Irene Koch ’22 CLAS will work at the Neill-Cochran House Museum in Austin, Texas. The museum’s mission is to share its site, the city of Austin and Texas history from the city’s birth in 1839 up to 1930 through historically furnished spaces as well as numerous rotating art and history exhibitions.
Elizabeth Lyons ’21 CLAS has an internship with the National Center for Preservation Technology and Training in Natchitoches, Louisiana, a research office of the National Park Service. The NCPTT has begun a two-year long research project to document still standing slave cabins and tenant farmer housing in the South and Mid-Atlantic states.
Danielle Scudder ’21 CLAS will work at the Nashville Parthenon in Nashville, Tennessee, an art and history museum on a mission educate both Nashvillians and visitors about the legacy of the ancient Greeks and their impact on American civilization. She will assist with the installation and reach of museum exhibitions, creation of interactive learning experiences and research in the archives.
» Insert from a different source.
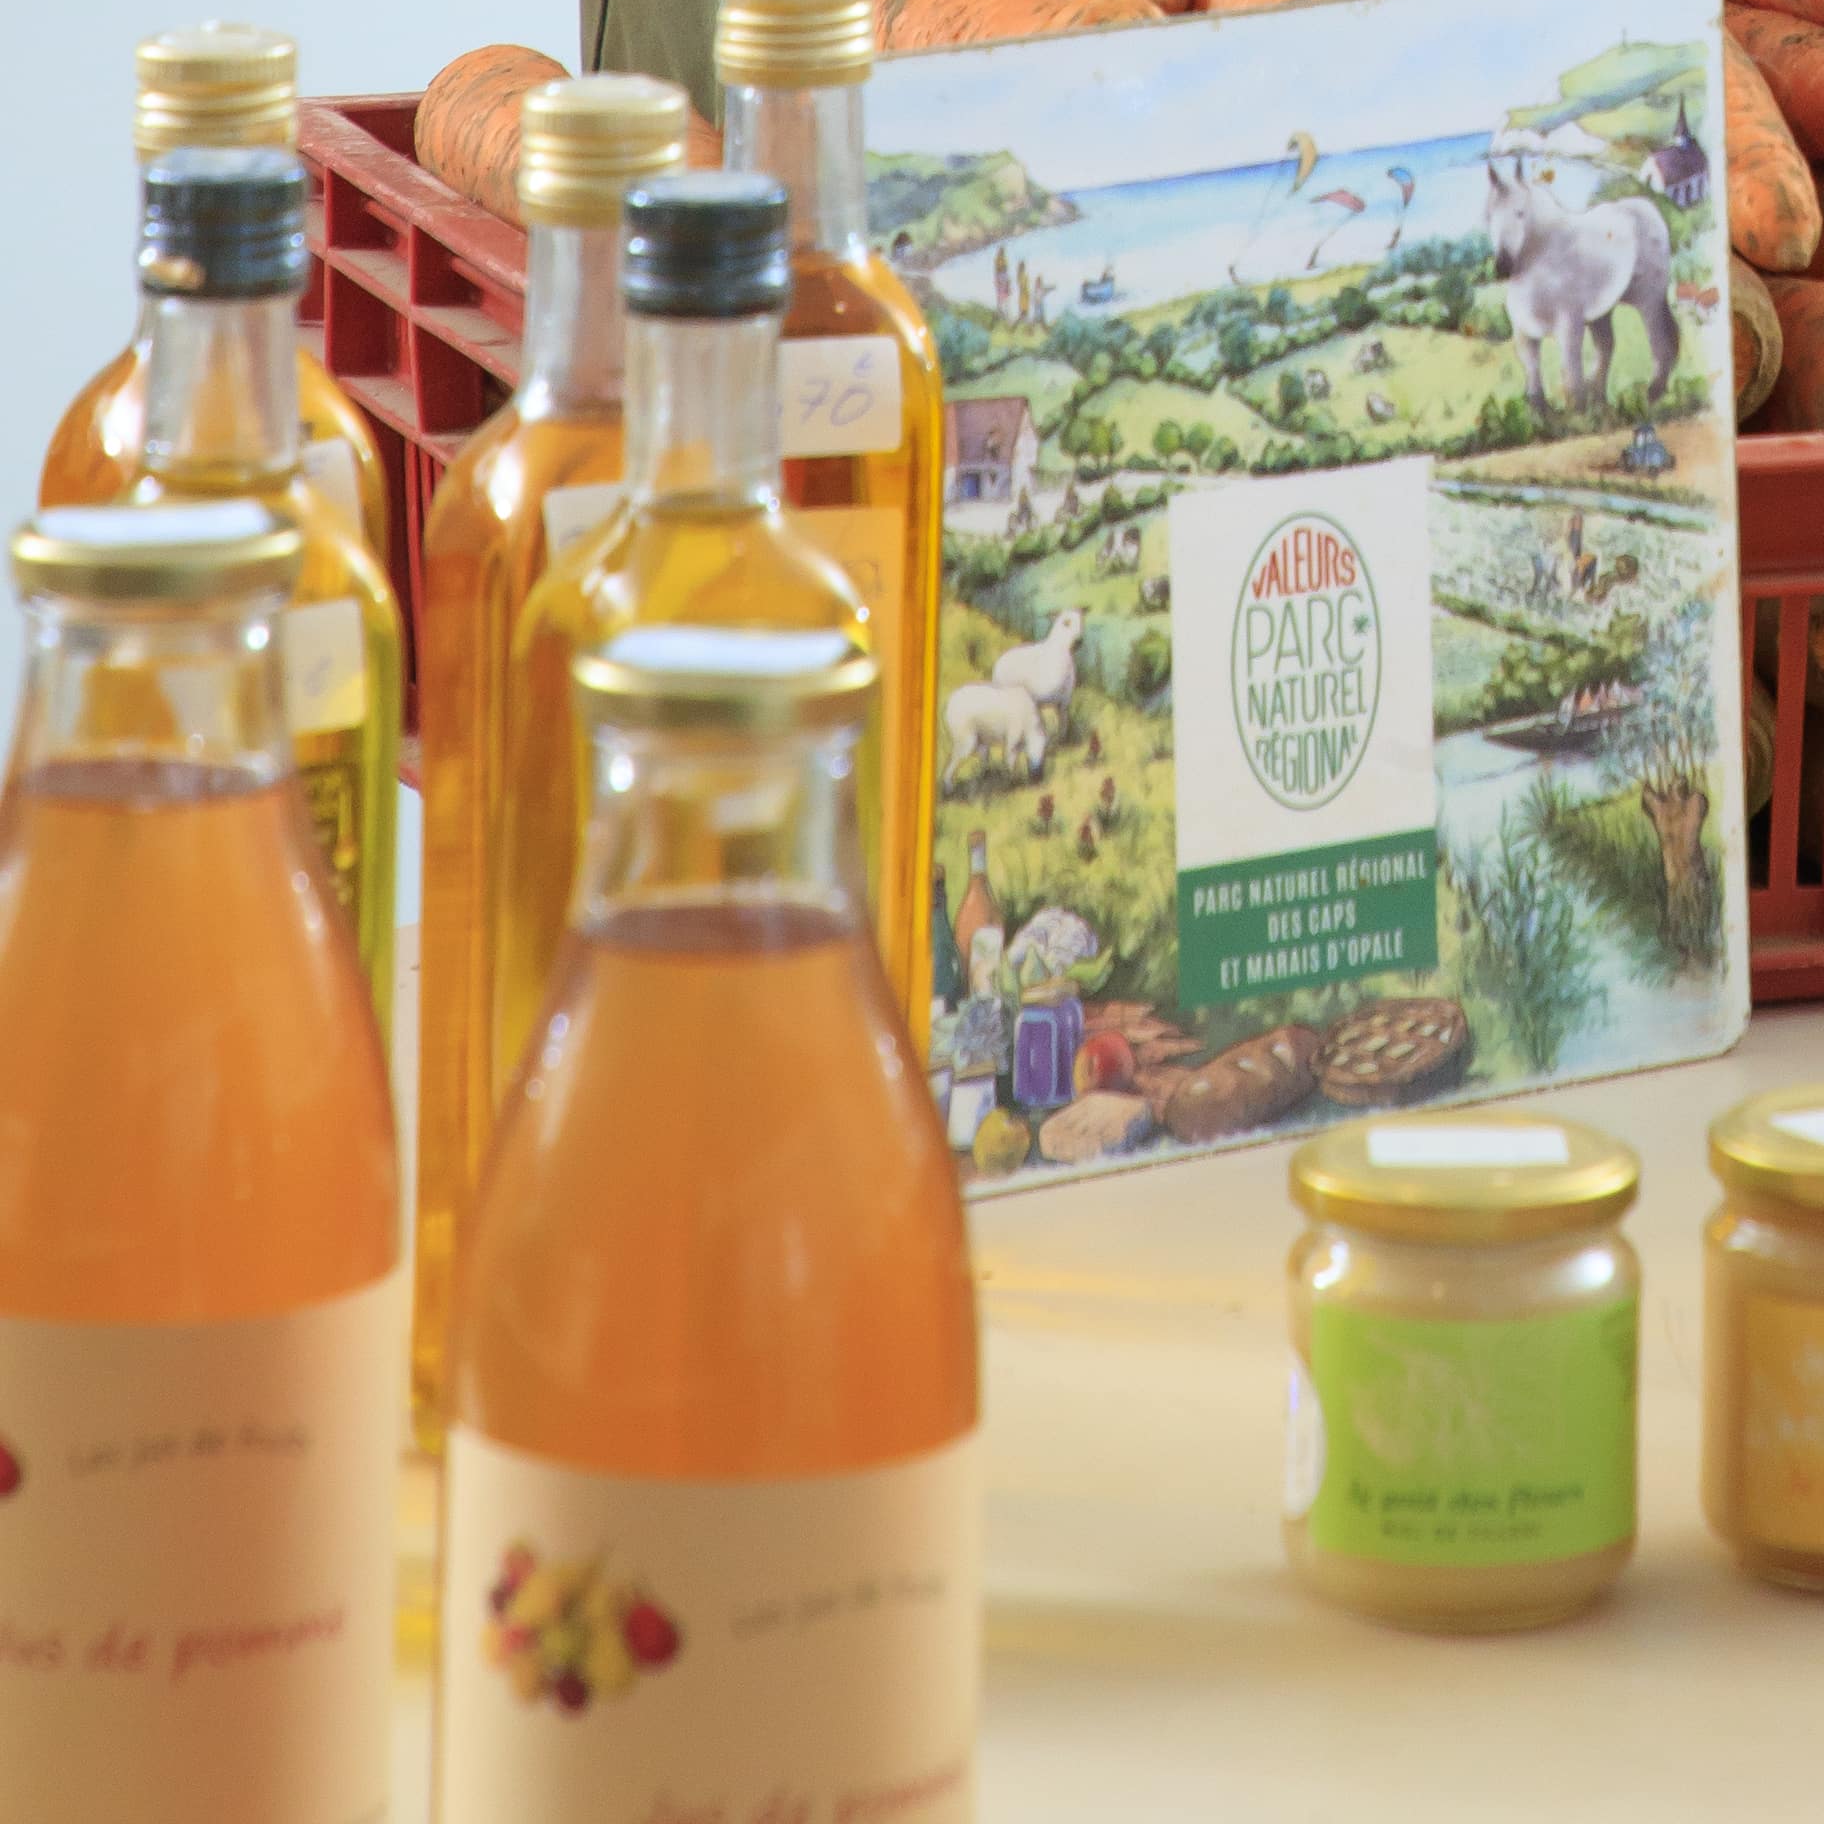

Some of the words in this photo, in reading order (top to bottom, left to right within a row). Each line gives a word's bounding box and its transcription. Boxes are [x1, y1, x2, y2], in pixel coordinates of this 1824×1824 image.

Founded in 2017 and housed in Villanova University’s College of Liberal Arts and Sciences, the Lepage Center is a multifaceted resource for students, teachers, industry, journalists, and elected officials that draws upon the past to impart lessons for today’s world. It is made possible through the generosity of Albert Lepage ’69 CLAS, who was a History major at Villanova. The Center engages the public, policymakers, scholars, teachers and students from history and other fields through academic programs, research, publications and events. In the past three years the Center has hosted historically informed and civic-minded conversations on the “fake news” crisis, the US Civil War, the Holocaust, the Cold War, the state of American Democracy, the fate of democracy around the world, the COVID-19 crisis, and more.
About Villanova University’s College of Liberal Arts and Sciences: Since its founding in 1842, Villanova University’s College of Liberal Arts and Sciences has cultivated knowledge, understanding and intellectual courage for a purposeful life in a challenging and changing world. With more than 40 majors across the humanities, social sciences, and natural sciences, it is the oldest and largest of Villanova’s colleges, serving more than 4,500 undergraduate and graduate students each year. The College is committed to a teacher-scholar model, offering outstanding undergraduate and graduate research opportunities and a rigorous core curriculum that prepares students to become critical thinkers, strong communicators, and ethical leaders with a truly global perspective.